Count all first-bytes (the ones that don't match 10xxxxxx).

计算所有第一个字节（与 10xxxxxx 不匹配的字节）。

int len = 0;
while (*s) len += (*s++ & 0xc0) != 0x80;

C++ knows nothing about encodings, so you can't expect to use a standard function to do this.

C++ 对编码一无所知，因此您不能期望使用标准函数来执行此操作。

The standard library indeed doesacknowledge the existence of character encodings, in the form of locales. If your system supports a locale, it is very easy to use the standard library to compute the length of a string. In the example code below I assume your system supports the locale en_US.utf8. If I compile the code and execute it as "./a.out ソニーSony", the output is that there were 13 char-values and 7 characters. And all without any reference to the internal representation of UTF-8 character codes or having to use 3rd party libraries.

标准库确实不承认字符编码的存在，在语言环境的形式。如果您的系统支持区域设置，则使用标准库来计算字符串的长度非常容易。在下面的示例代码中，我假设您的系统支持区域设置 en_US.utf8。如果我编译代码并将其作为“./a.out ソニーSony”执行，输出是有 13 个字符值和 7 个字符。并且所有这些都没有参考 UTF-8 字符代码的内部表示或必须使用 3rd 方库。

#include <clocale>
#include <cstdlib>
#include <iostream>
#include <string>

using namespace std;

int main(int argc, char *argv[])
{
  string str(argv[1]);
  unsigned int strLen = str.length();
  cout << "Length (char-values): " << strLen << '\n';
  setlocale(LC_ALL, "en_US.utf8");
  unsigned int u = 0;
  const char *c_str = str.c_str();
  unsigned int charCount = 0;
  while(u < strLen)
  {
    u += mblen(&c_str[u], strLen - u);
    charCount += 1;
  }
  cout << "Length (characters): " << charCount << endl; 
}

You should probably take the advice of Omry and look into a specialized library for this. That said, if you just want to understand the algorithm to do this, I'll post it below.
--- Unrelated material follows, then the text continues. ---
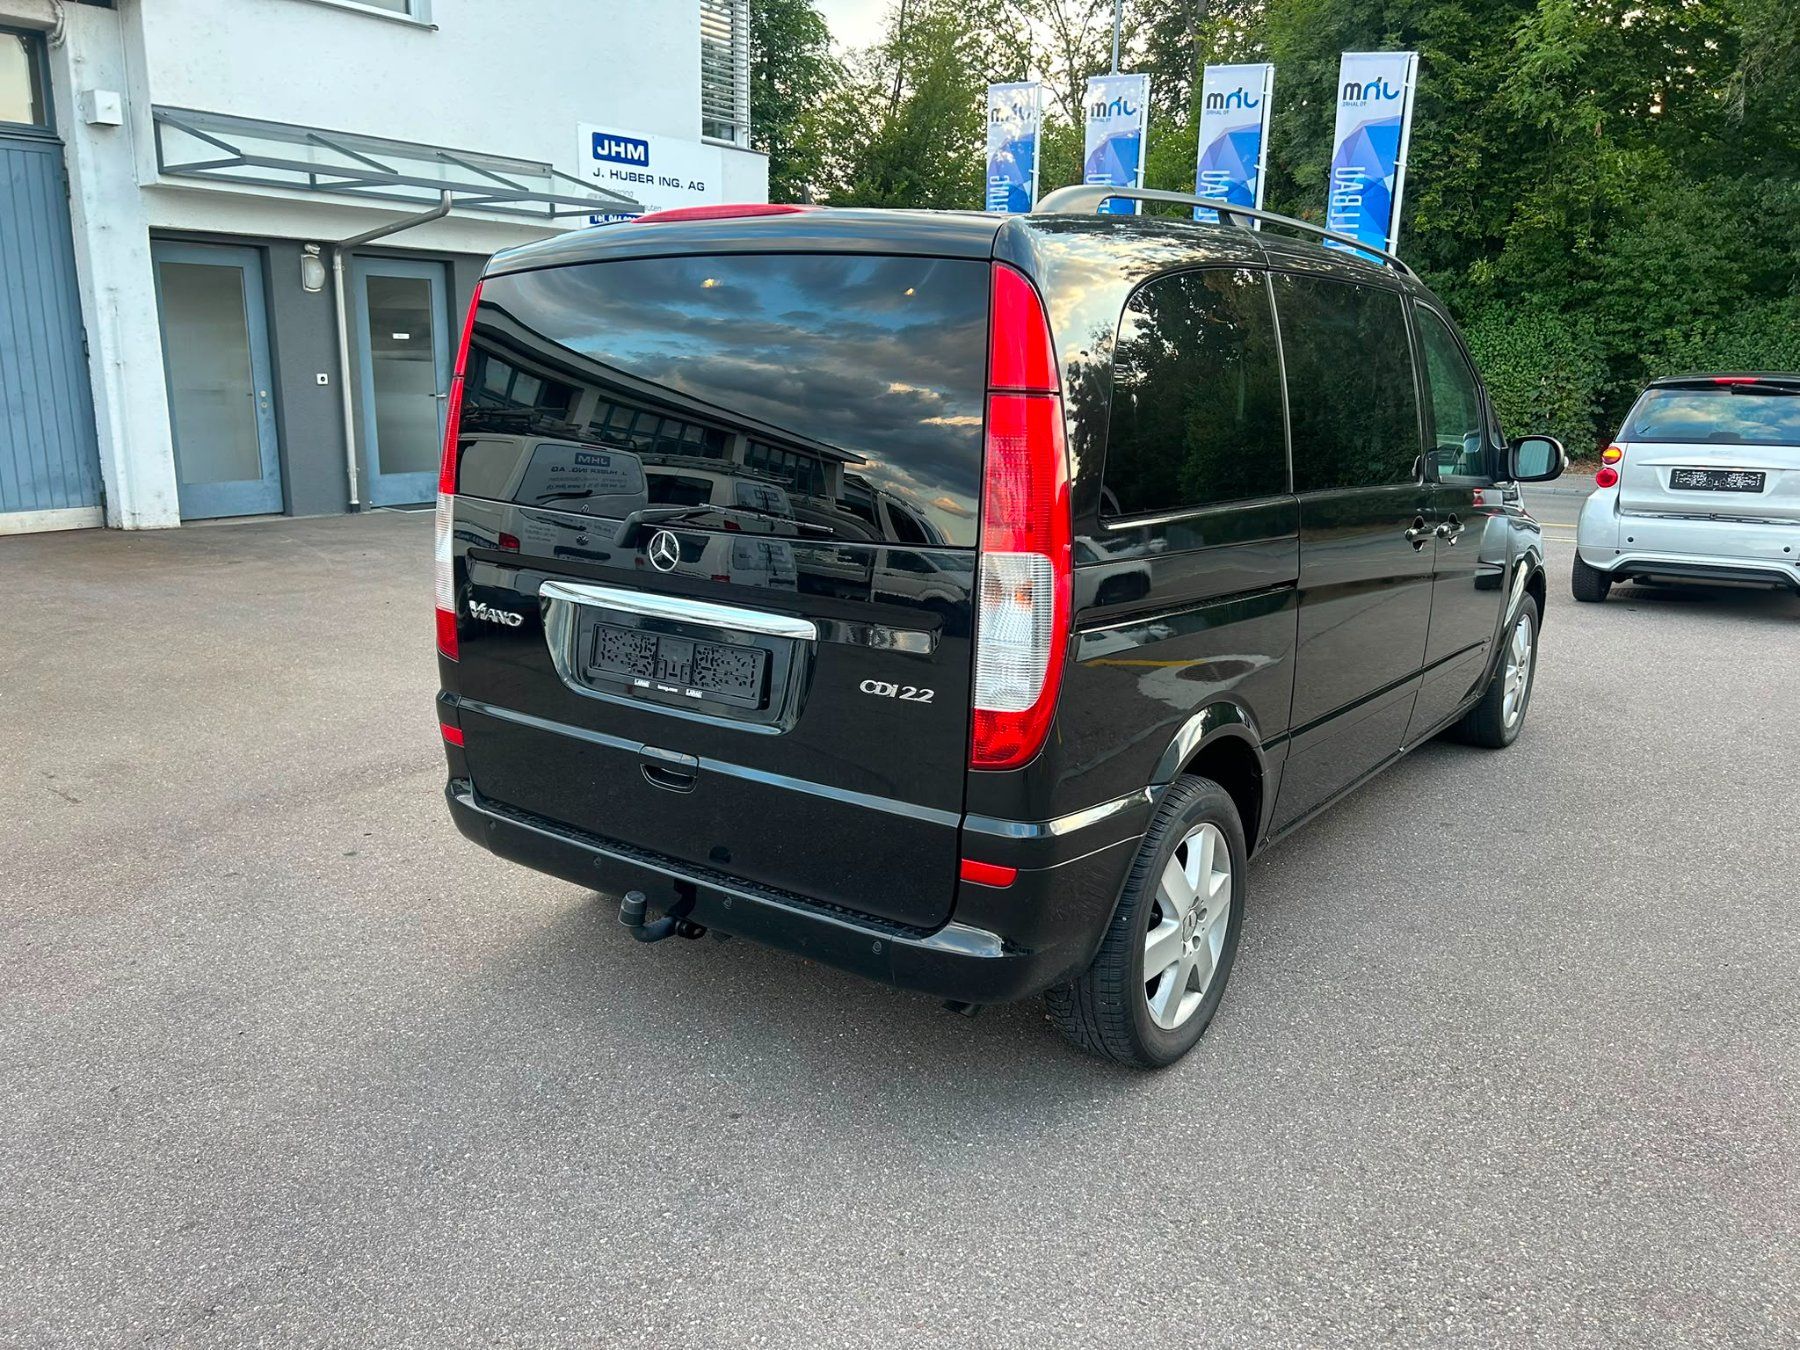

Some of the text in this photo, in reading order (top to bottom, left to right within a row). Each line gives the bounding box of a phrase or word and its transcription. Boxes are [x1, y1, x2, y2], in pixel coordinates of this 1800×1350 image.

[596, 139, 645, 162] JHM
[593, 167, 705, 192] J. HUBER ING. AG
[468, 600, 524, 627] VIANO
您可能应该听取 Omry 的建议，并为此查看专门的图书馆。也就是说，如果您只是想了解执行此操作的算法，我将在下面发布。

Basically, you can convert your string into a wider-element format, such as wchar_t. Note that wchar_thas a few portability issues, because wchar_tis of varying size depending on your platform. On Windows, wchar_tis 2 bytes, and therefore ideal for representing UTF-16. But on UNIX/Linux, it's four-bytes and is therefore used to represent UTF-32. Therefore, for Windows this will only work if you don't include any Unicode codepoints above 0xFFFF. For Linux you can include the entire range of codepoints in a wchar_t. (Fortunately, this issue will be mitigated with the C++0x Unicode character types.)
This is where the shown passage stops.